Pendapat setiap individu memang berbeda yang tidak mungkin bisa dipaksakan untuk sama (sependapat). Akan tetapi, bukankah apa yang dilakukan oleh netizen kepada kakak tingkat yang dianggap melakukan perploncoan itu kepada mahasiswa baru juga merupakan perpeloncoan? Mereka diolok-olok oleh semua netizen dari sabang sampai Merauke. bukankah ini lebih menyakitkan kepada mereka? Kita harus memikirkan juga seberapa terpukulnya mereka atas beredarnya video itu.

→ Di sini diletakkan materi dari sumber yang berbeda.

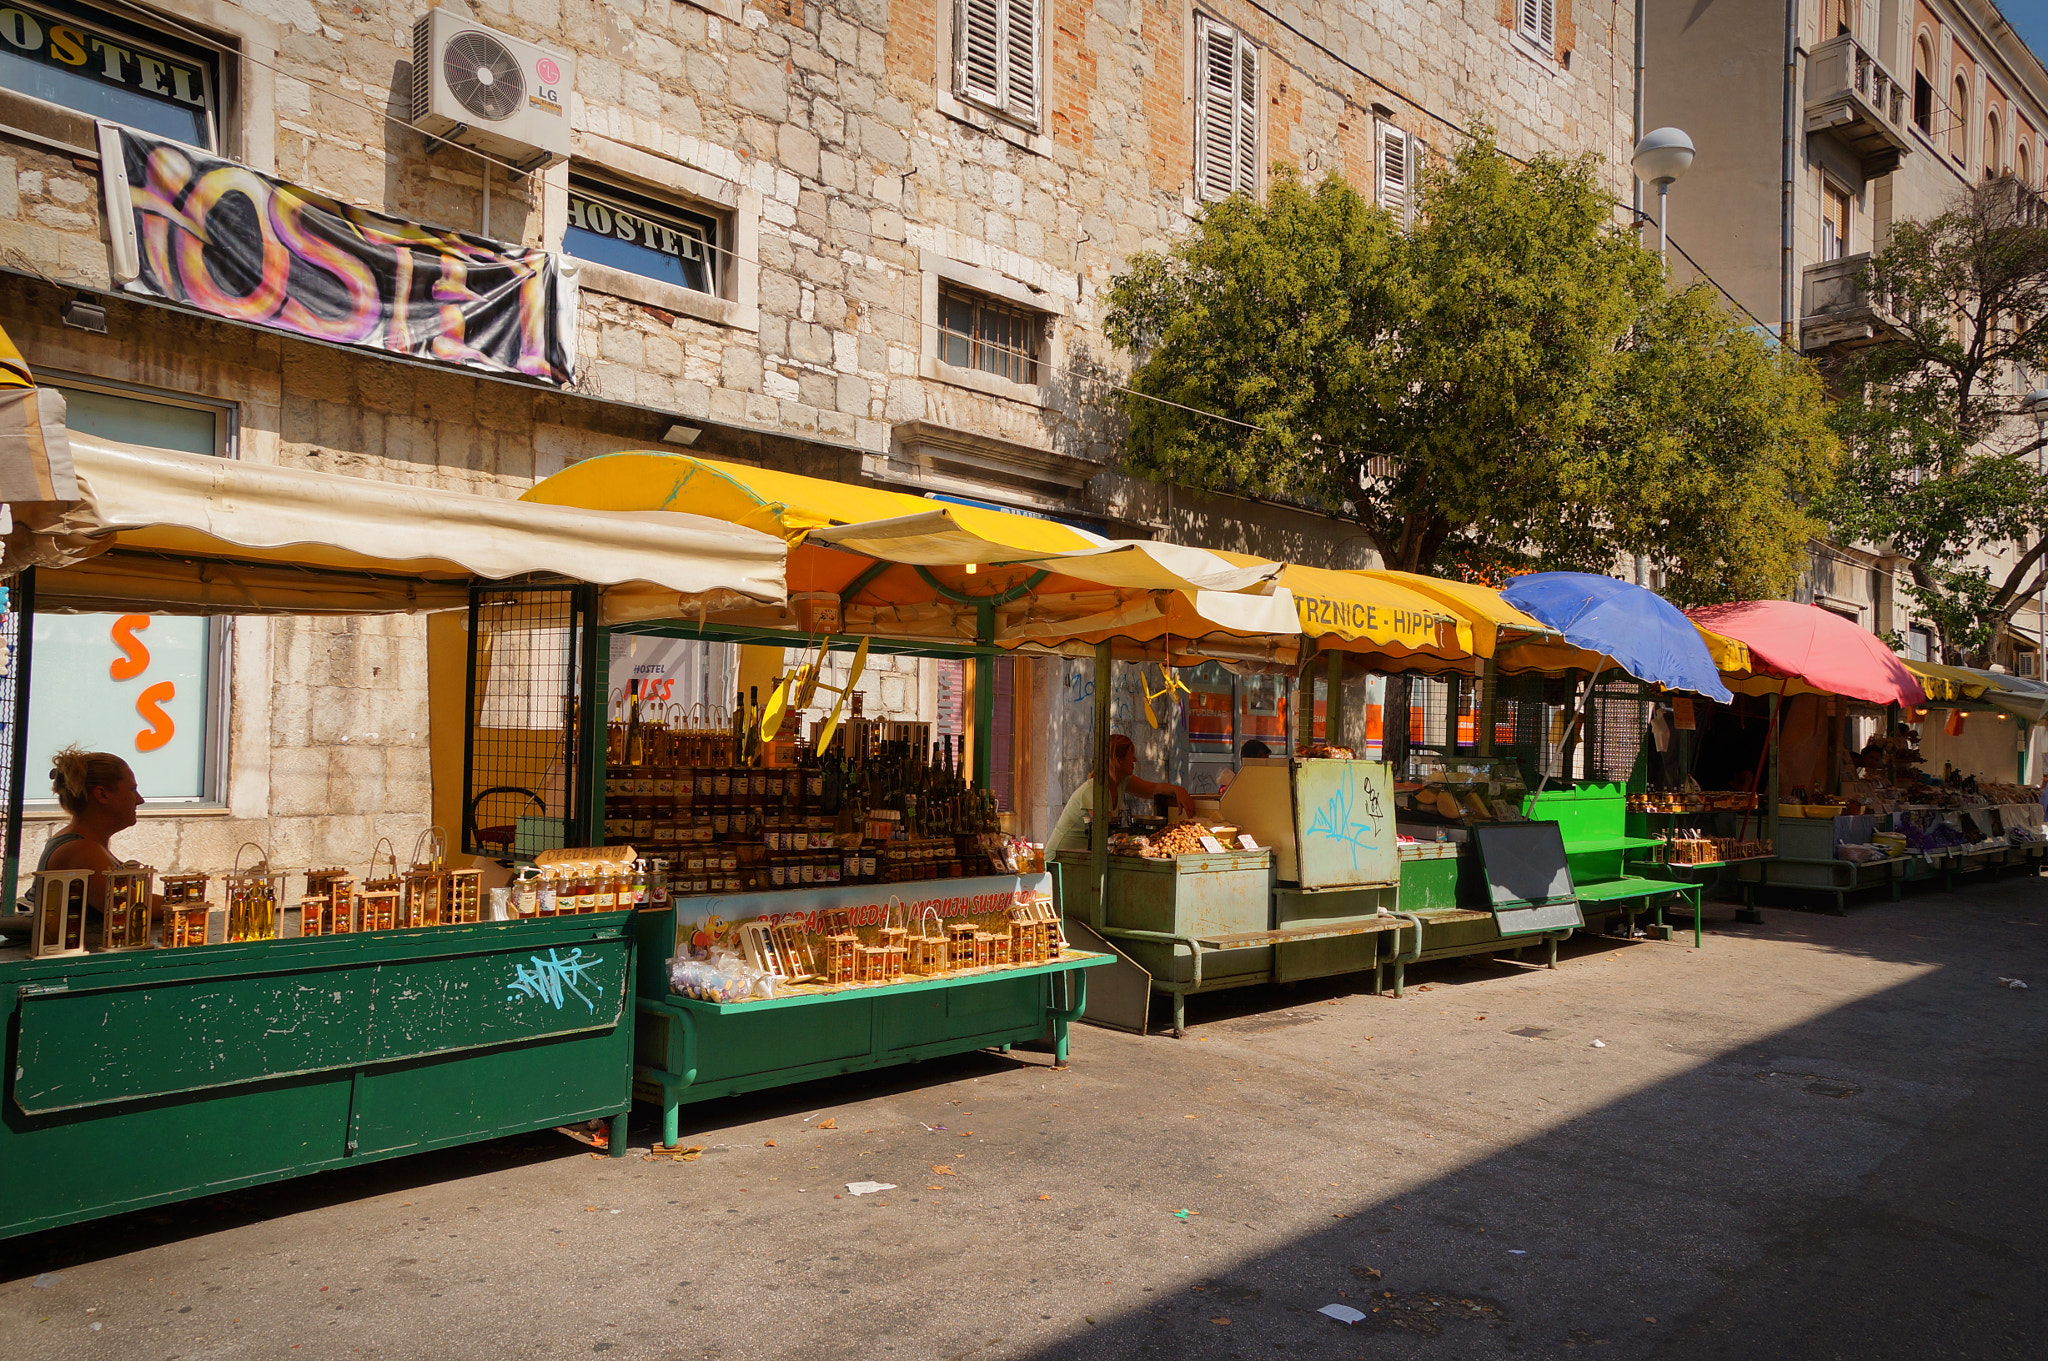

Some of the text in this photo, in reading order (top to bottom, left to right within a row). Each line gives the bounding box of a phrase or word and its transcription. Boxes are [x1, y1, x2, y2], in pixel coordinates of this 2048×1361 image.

[539, 86, 557, 102] LG
[567, 198, 700, 262] HOSTEL
[633, 664, 666, 674] HOSTEL
[547, 846, 628, 860] DEGUSTACIJA

Memang, apa yang mereka lakukan itu salah dan berdampak buruk. Namun, disamping dari hal negatif yang dilakukan oleh panitia itu ada juga hal positifnya bukan? Kita harus juga mengakui bahwa ada hal positif dari perpeloncoan itu (bukan saya mendukung perpeloncoan).
Sekarang mari kita bedah kembali, seorang mahasiswa baru yang selama ini katakanlah bersembunyi dalam perlindungannya dalam hal ini orang tuanya. Mereka (mahasiswa baru) harus belajar untuk bertahan tanpa lindungan dari pelindungnya bukan.
Menyiapkan mental mahasiswa baru untuk kuat menjalani kehidupannya sendiri serta siap untuk menerima kenyataan bahwasanya dalam hidup, manusia akan selalu mendapatkan sesuatu hal yang pastinya tidak disukai bahkan mendapat tekanan dari berbagai kalangan. Dalam hal seperti ini saya menyebutkan bahwa mereka yang tidak siap dipelonco adalah mereka yang memiliki mental lemah, yang tidak siap menghadapi dunia nyata yang penuh dengan perpeloncoan itu.
Contohnya saja seorang buruh yang bekerja di pabrik akan mendapat tekanan saat atasannya memberikan target kerja yang harus diselesaikan dalam jangka waktu tertentu. Tentunya ini juga merupakan perpeloncoan karena akan berakibat pada psikologi pekerja tadi. Begitu juga seterusnya.